Required work: Reproduce the whole listing exactly and let no picture into the copy.

━━━ Exercise materials ━━━

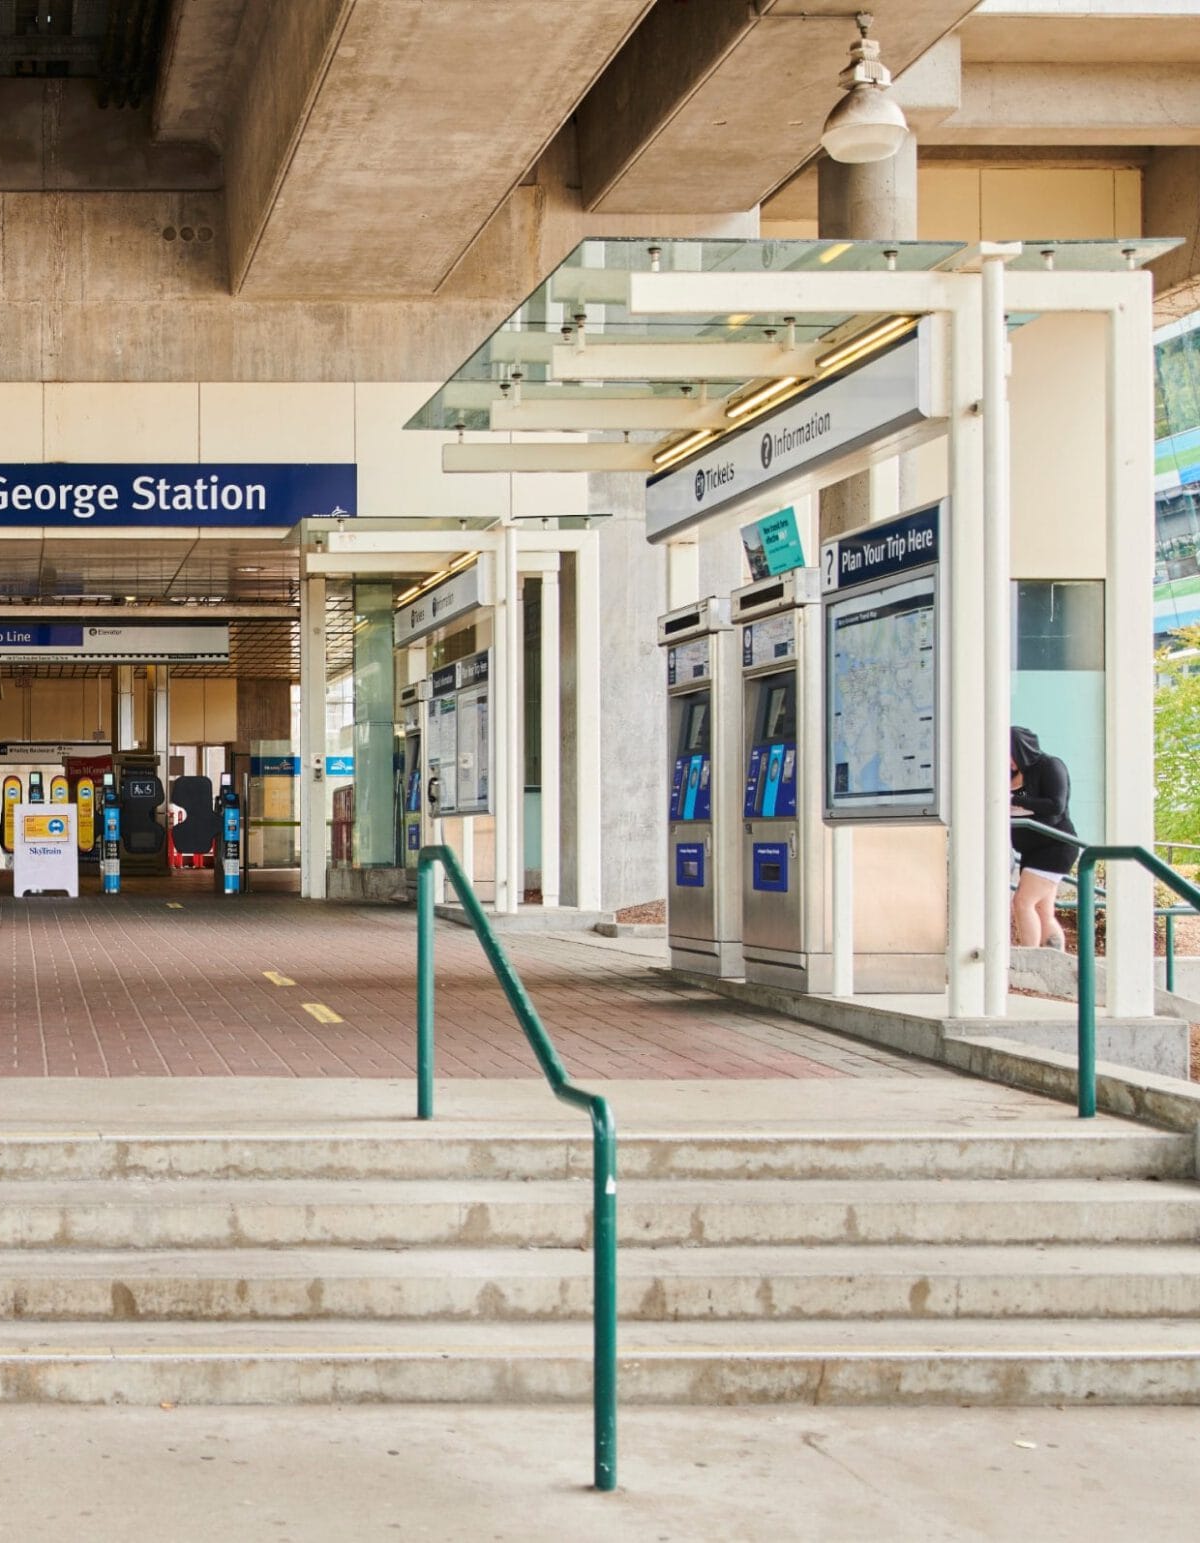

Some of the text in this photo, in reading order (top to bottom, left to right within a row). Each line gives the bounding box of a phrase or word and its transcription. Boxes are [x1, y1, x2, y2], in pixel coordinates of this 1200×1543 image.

[774, 411, 831, 457] Information
[705, 461, 735, 491] Tickets
[132, 475, 266, 510] Station
[841, 528, 933, 574] Plan Your Trip Here
[6, 630, 31, 642] Line
[29, 847, 62, 855] SkyTrain
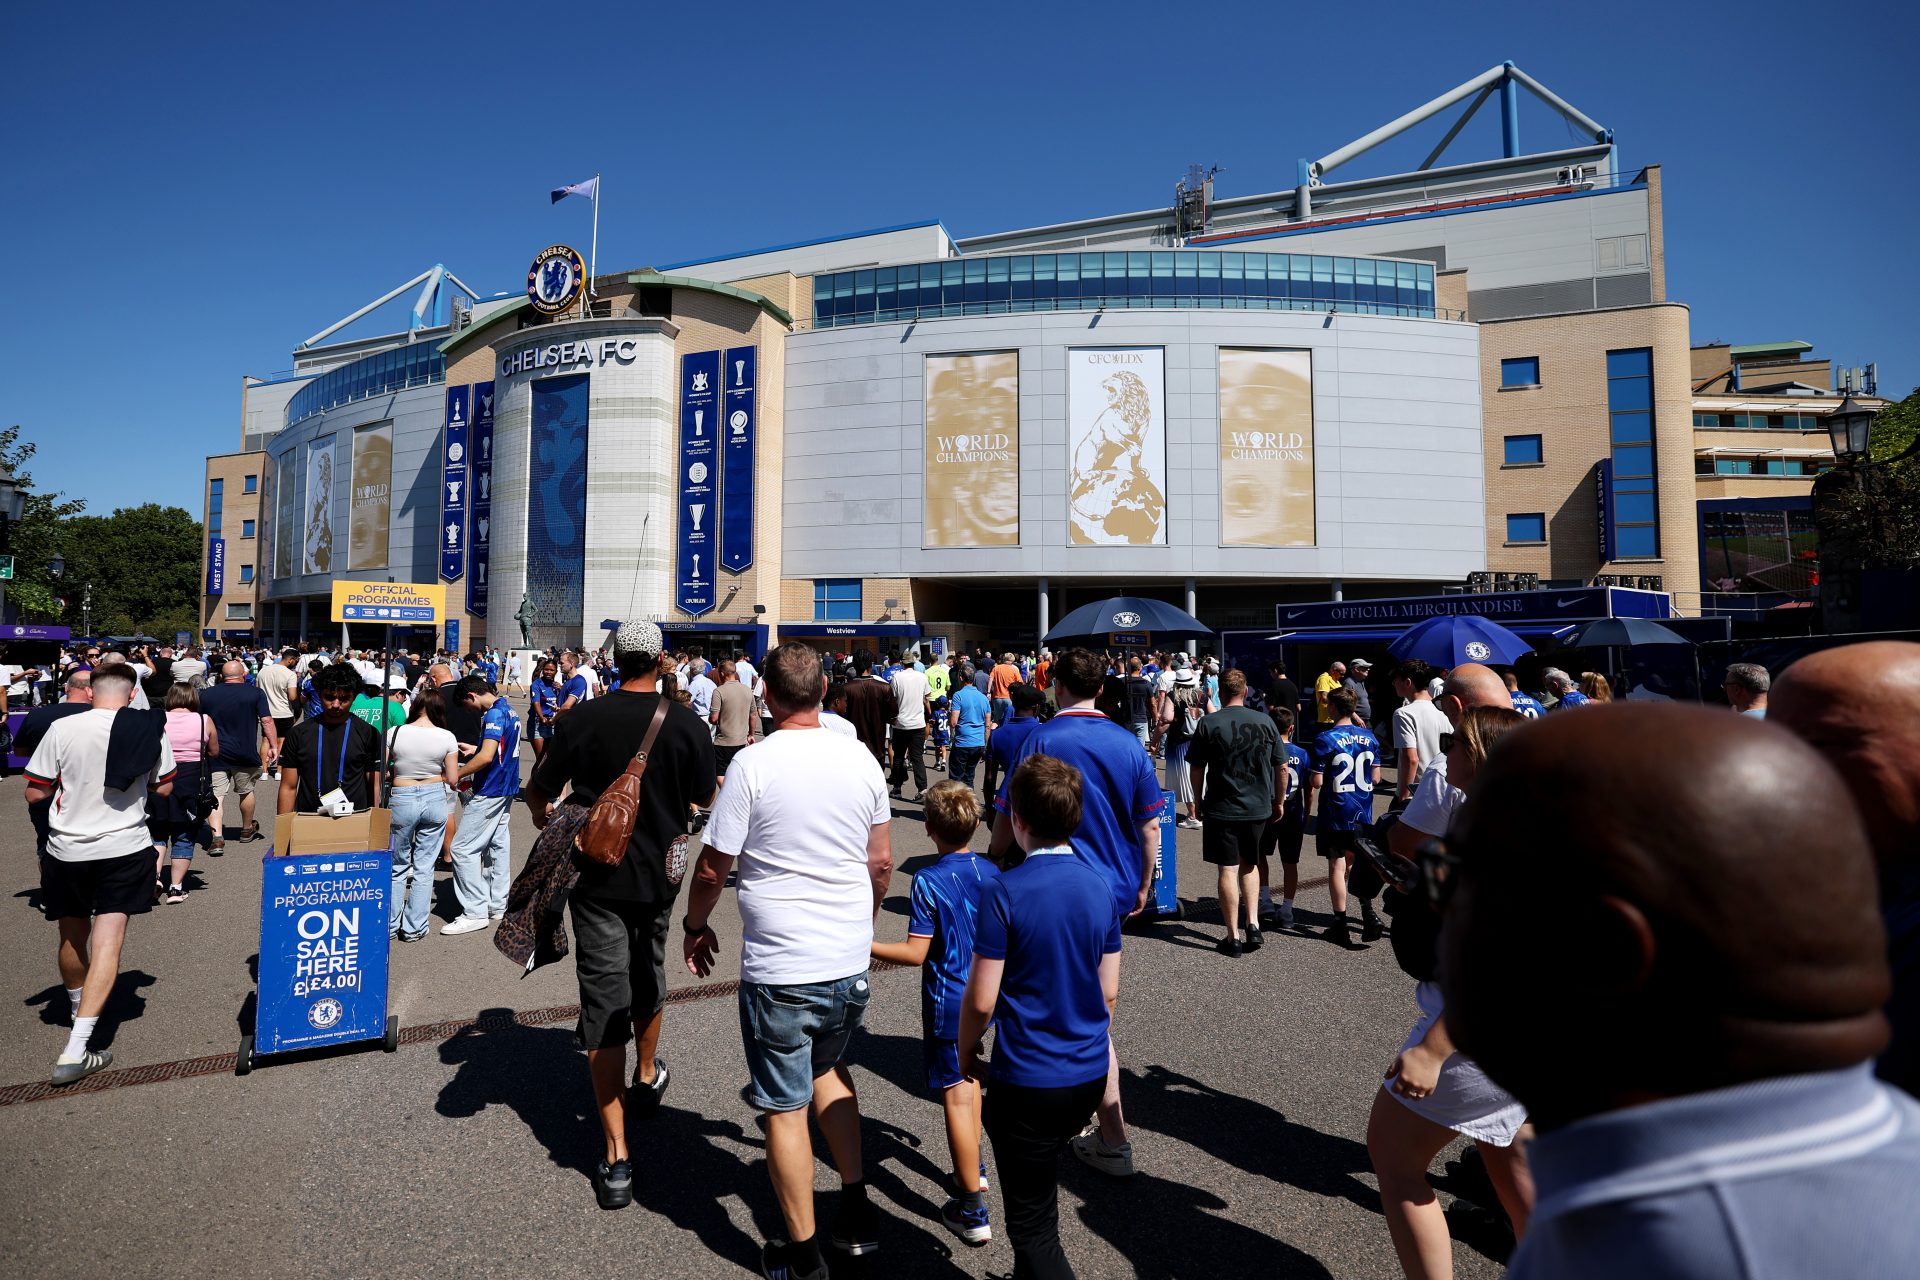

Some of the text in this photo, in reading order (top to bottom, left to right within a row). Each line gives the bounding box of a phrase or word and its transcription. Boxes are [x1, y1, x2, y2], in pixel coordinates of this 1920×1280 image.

━━━

Answer box:
Some of the text in this photo, in reading order (top to bottom, left to right within a row). Each line gives the bounding box of a phrase or word and its transcription. Boxes are [x1, y1, x2, y2], in pixel coordinates of this 1200×1543 image.

[774, 411, 831, 457] Information
[705, 461, 735, 491] Tickets
[132, 475, 266, 510] Station
[841, 528, 933, 574] Plan Your Trip Here
[6, 630, 31, 642] Line
[29, 847, 62, 855] SkyTrain

Some of the text in this photo, in reading order (top to bottom, left to right within a row). Each line gives the bounding box of a phrase or word and its transcription. Boxes are [x1, y1, x2, y2], in pixel coordinates of this 1920×1280 image.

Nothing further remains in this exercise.